Co-facillitation: proposal from team conflict management

Dear @reeflings and in particular @reef-facilitation

Team Conflict Management has worked on a proposal for co-facilitation during the coming plenary meetings. We would like to first start a discussion with Team Facilitation to see whether this is something that could be interesting to do together. I’ve noticed that team facilitation already co-facilitated some (parts of the) meetings, so let’s see if this proposal can actually contribute to the existing structure and our needs.

Context
During plenary meetings, a designated facilitator safeguards some of the following principles: ensuring respect, keeping to the agenda, preventing diversion, and—crucially—maintaining a sense of safety, especially when discussions become heated.

In practice, this is a demanding role. As the conflict management team, we propose an additional role to strengthen our collective care.

Proposal
Introduce a Co-Facilitator role for plenary meetings.
This role focuses specifically on relational and emotional safety, complementing (not duplicating) the task-based focus of the main facilitator.

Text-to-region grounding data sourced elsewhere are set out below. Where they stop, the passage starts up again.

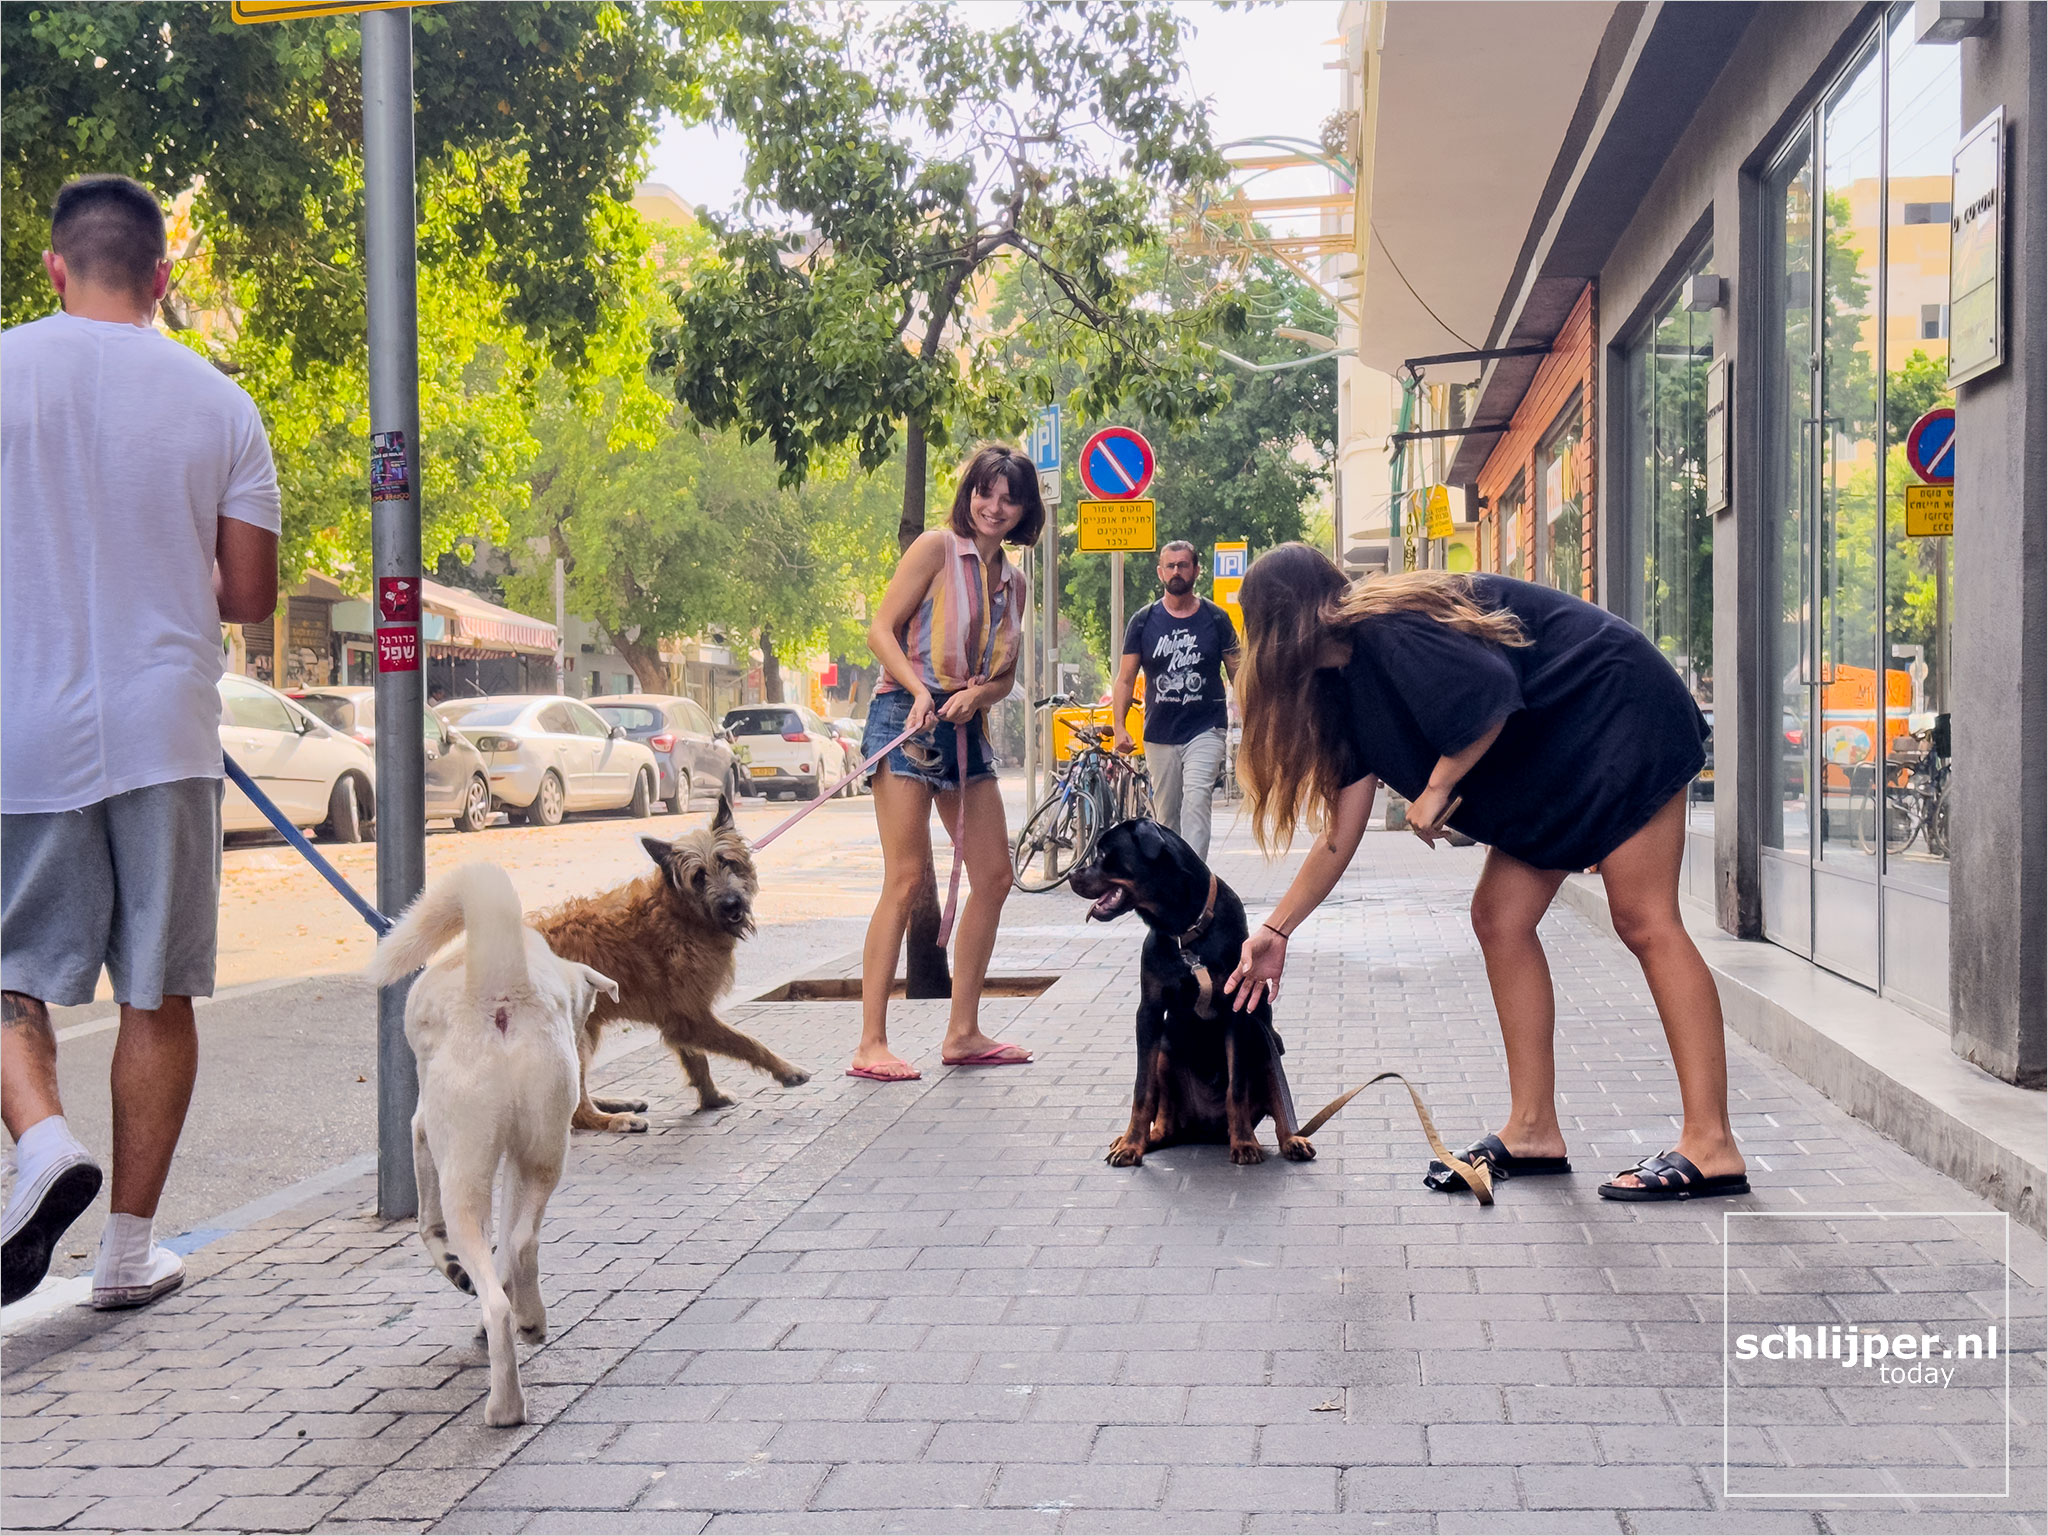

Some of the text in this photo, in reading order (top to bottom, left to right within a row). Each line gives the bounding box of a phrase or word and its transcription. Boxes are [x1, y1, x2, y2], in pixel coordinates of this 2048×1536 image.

[1092, 505, 1142, 513] מקום שמור
[1083, 515, 1151, 524] לחניית אופניים
[1097, 527, 1137, 535] וקורקינט
[1106, 538, 1128, 546] בלבד
[380, 634, 415, 645] כדורגל
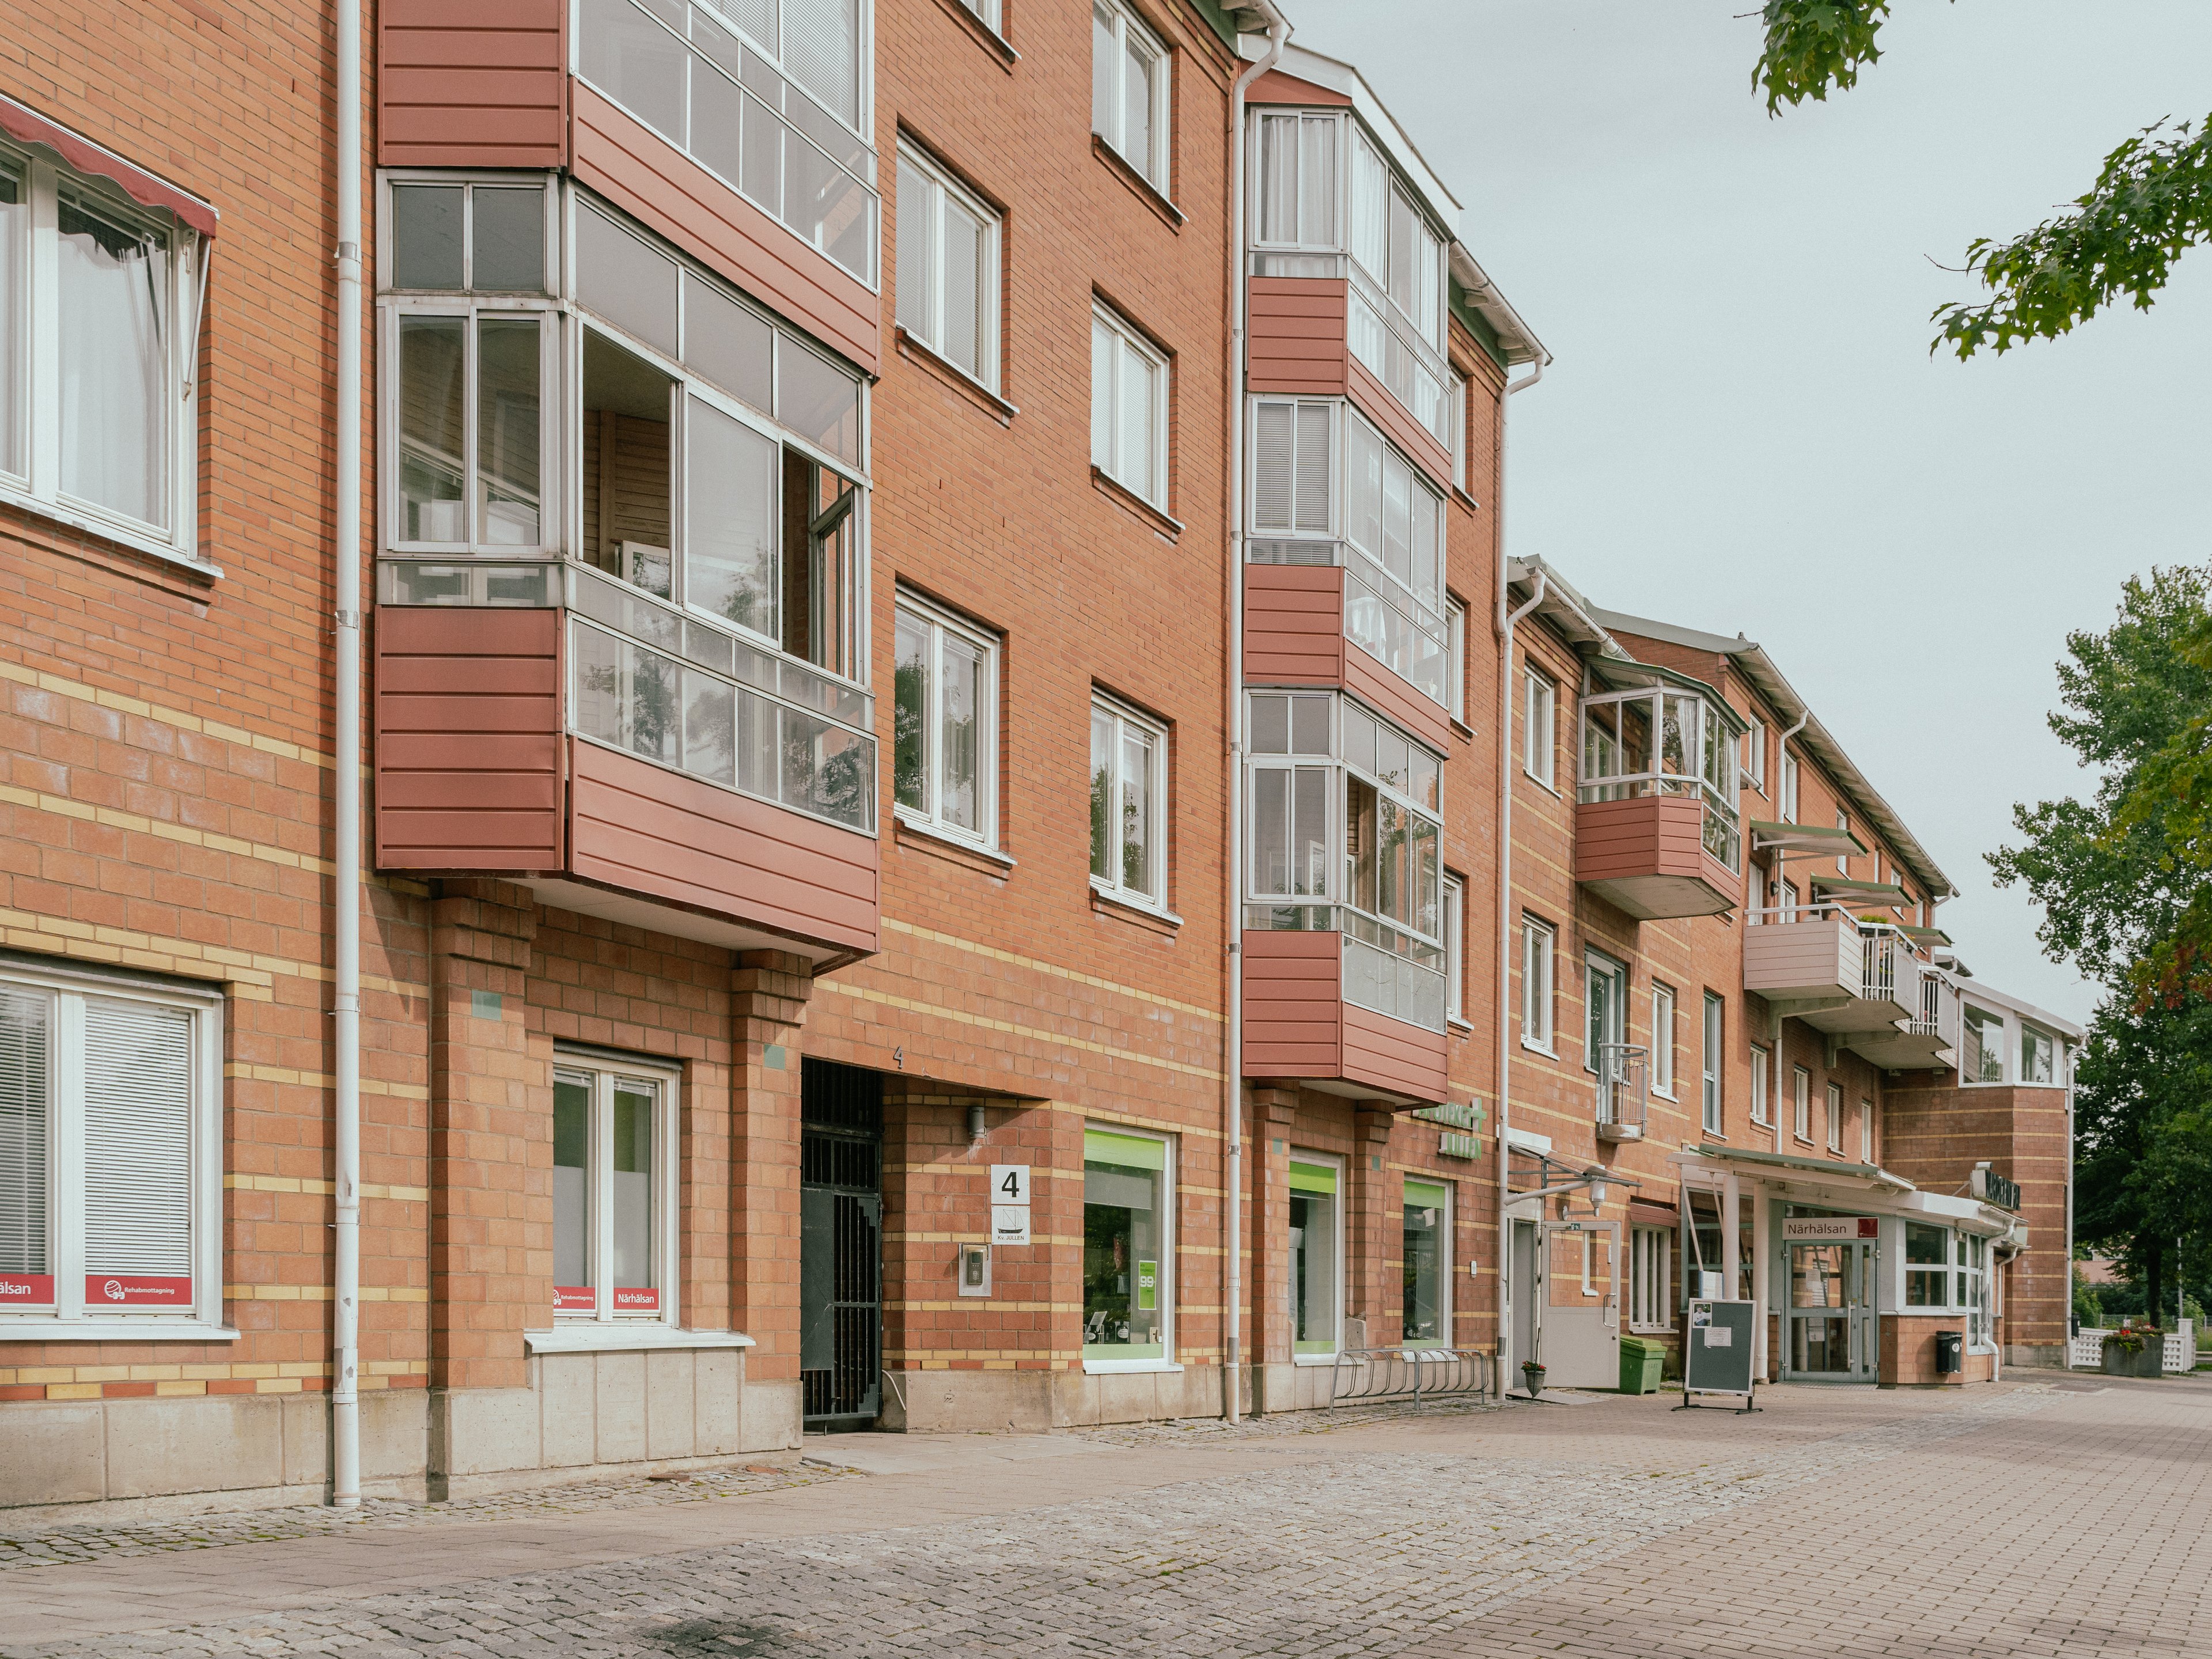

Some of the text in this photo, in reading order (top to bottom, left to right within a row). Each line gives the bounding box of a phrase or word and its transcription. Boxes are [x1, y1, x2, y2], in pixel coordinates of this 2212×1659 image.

[893, 1046, 903, 1069] 4
[1439, 1132, 1482, 1161] JULLEN
[1001, 1172, 1020, 1198] 4
[1788, 1224, 1847, 1234] Närhälsan
[124, 1287, 175, 1295] Rehabmottagning
[618, 1293, 654, 1304] Närhälsan

Role Description: Co-Facilitator
Core Purpose
To “read the room” during plenaries and support emotional safety, inclusion, and mutual respect—before, during, and after meetings.

Responsibilities
During the meeting:
• Observe group dynamics, body language, tone, and participation patterns.
• Notice signs of tension, withdrawal, discomfort, or escalation.
• When appropriate, discreetly signal the facilitator (e.g. suggesting a pause, check-in, or clarification).

After the meeting:
• Briefly debrief with the facilitator: what went well, what felt tense, what may need follow-up.
• Reach out (if needed) to participants who appeared uneasy, unheard, or unsafe, using NVC principles.
• Offer a listening ear and, where appropriate, help connect people to conflict-resolution pathways.

Boundaries of the Role
• The co-facilitator does not intervene in content or decision-making.
• They do not replace personal responsibility for speaking up.
• They are not a mediator unless explicitly asked and mandated.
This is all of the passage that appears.